Lately, I have been reminded that the flow state isn’t just something we access through movement — it can also be found in stillness, especially in nature. Our experiences in nature open us up to awe, which is intimately connected to flow.
This week I am curious about the connection between the feelings of awe and flow, and how they both can be accessed through a connection to nature. While musing on awe, I was reminded of authors like John Muir and Ralph Waldo Emerson, and their deep, reverent connections to the earth:
“We are now in the mountains and they are in us [...] our flesh-and-bone tabernacle seems transparent as glass to the beauty around us, as if truly inseparable from it [...] a part of all nature, neither old nor young, sick nor well, but immortal…” John Muir
“[In the woods,] all mean egotism vanishes. I become a transparent eyeball; I am nothing; I see all …” Ralph Waldo Emerson
What stands out to me in these words is their timeless sense of surrender — of becoming part of something greater. It mirrors the sensations I associate with the flow state: selflessness, full-body awareness, connection with all, and a holistic reverence for everything in existence.

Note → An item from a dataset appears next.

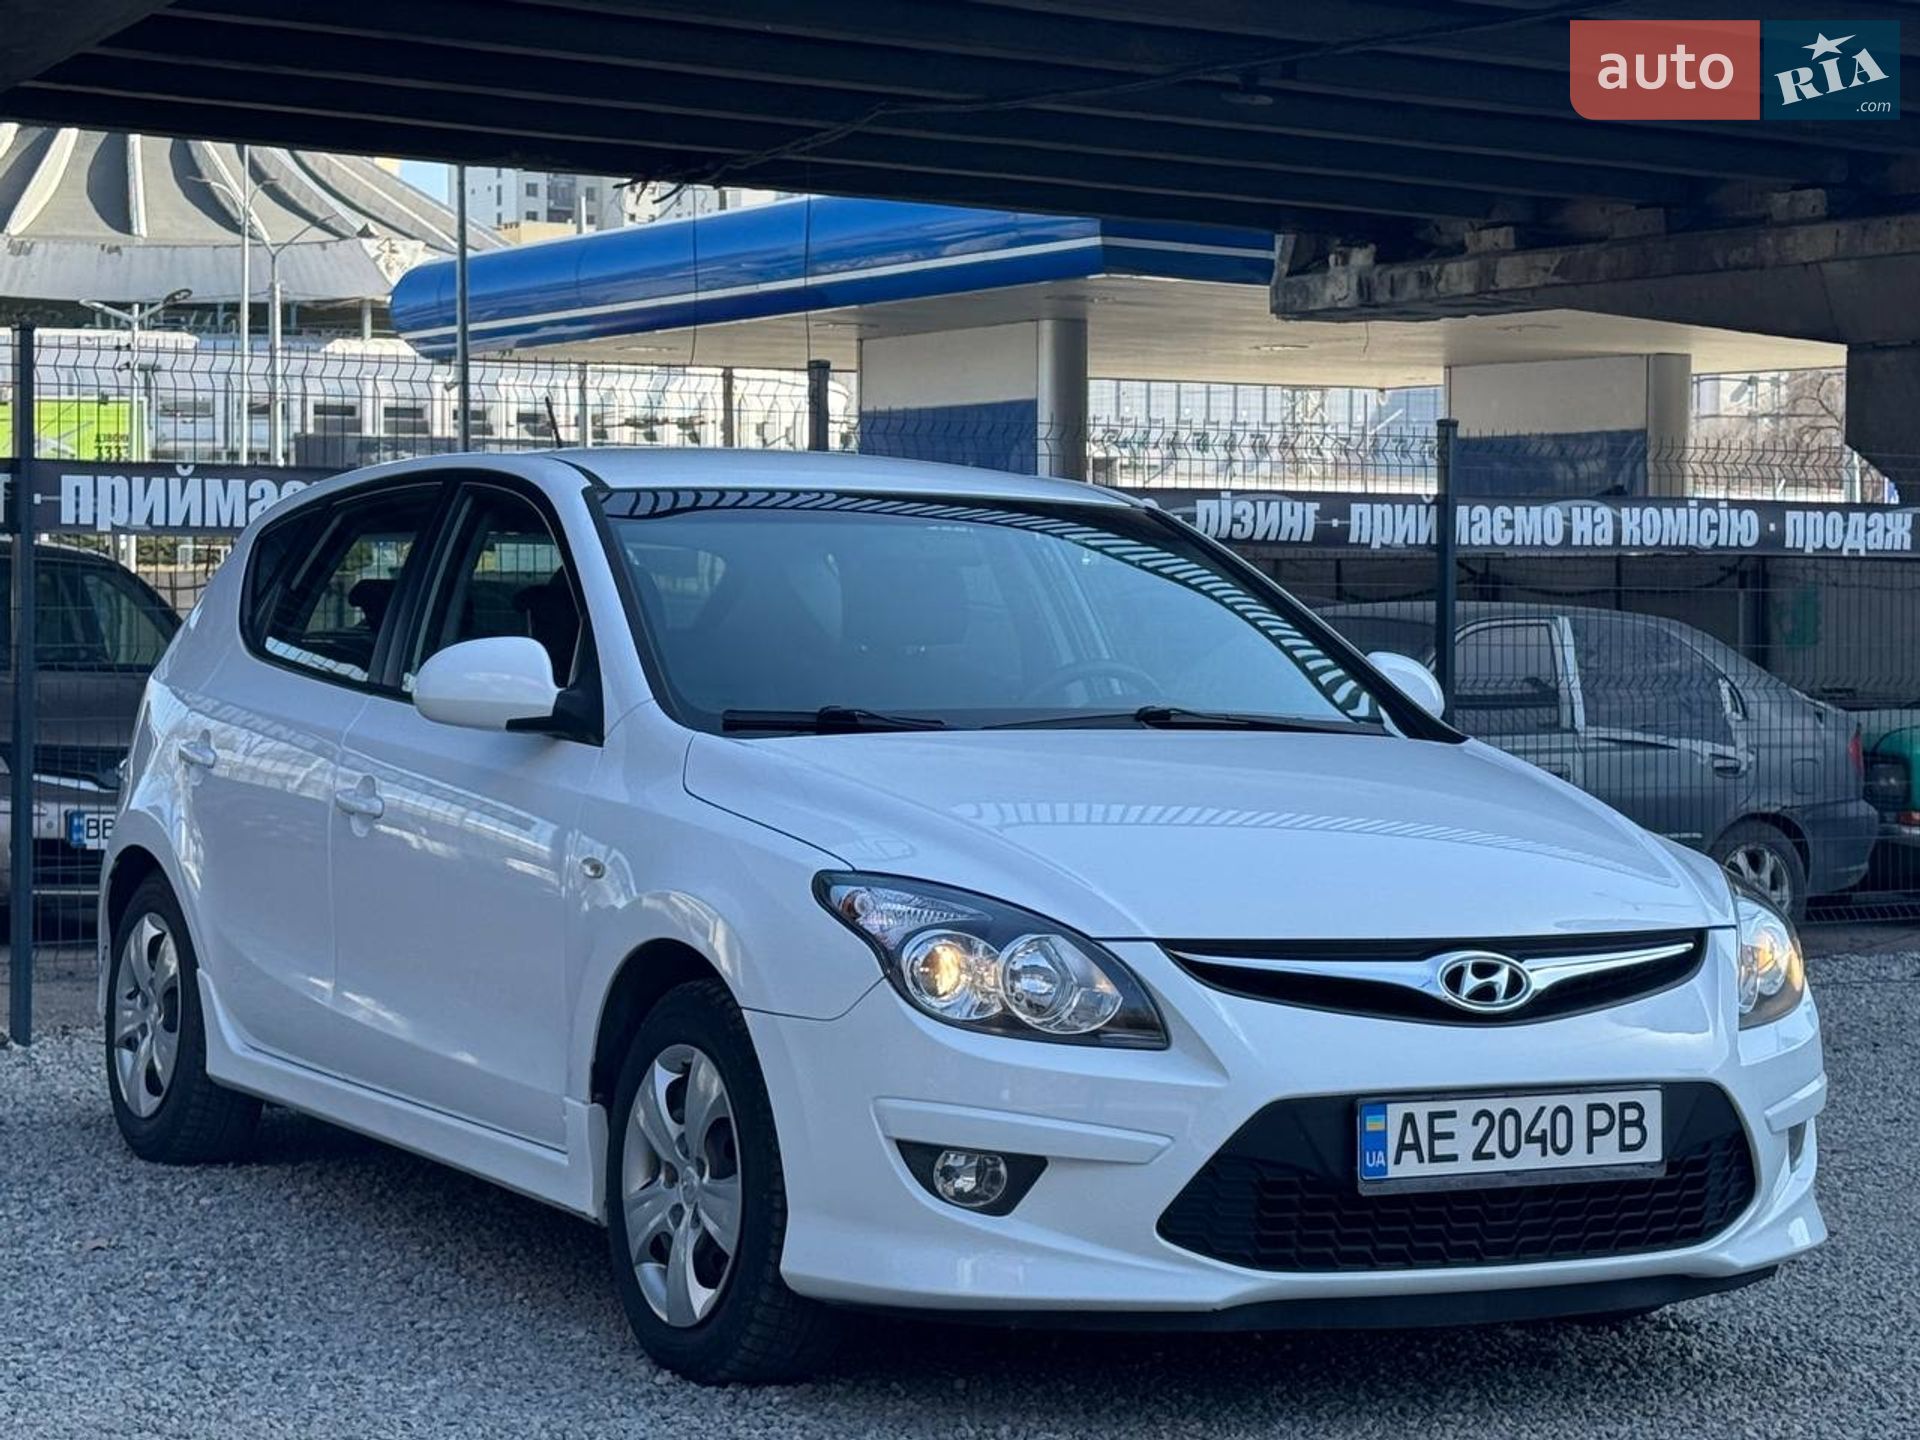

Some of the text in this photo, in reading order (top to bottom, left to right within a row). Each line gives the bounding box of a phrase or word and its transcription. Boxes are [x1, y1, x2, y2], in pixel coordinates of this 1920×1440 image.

Muir and Emerson’s descriptions of their experiences in nature remind me how the flow state is a unique, immersive experience of awe. Awe is an emotion that can be felt anywhere in the body. The flow state is a mind-body experience that can sometimes cause a deeply transcendent, and meditative space.
Even 18th-century thinkers like Edmund Burke wrote about awe as a response to the vast and mysterious. He believed awe often arises from obscurity — those things we can’t quite grasp, but that move us nonetheless. That insight reminds me of the relationship between challenge and flow: we don’t reach these states when things are too easy. We need mystery, effort, or just enough resistance to stay fully engaged.
In that way, awe and flow both ask the same thing of us: presence.
All of these musings bring me to a simple invitation:
Get outside and flow in nature.
How might awe deepen your flow state?
Let your curiosity guide you. Go outside and find out.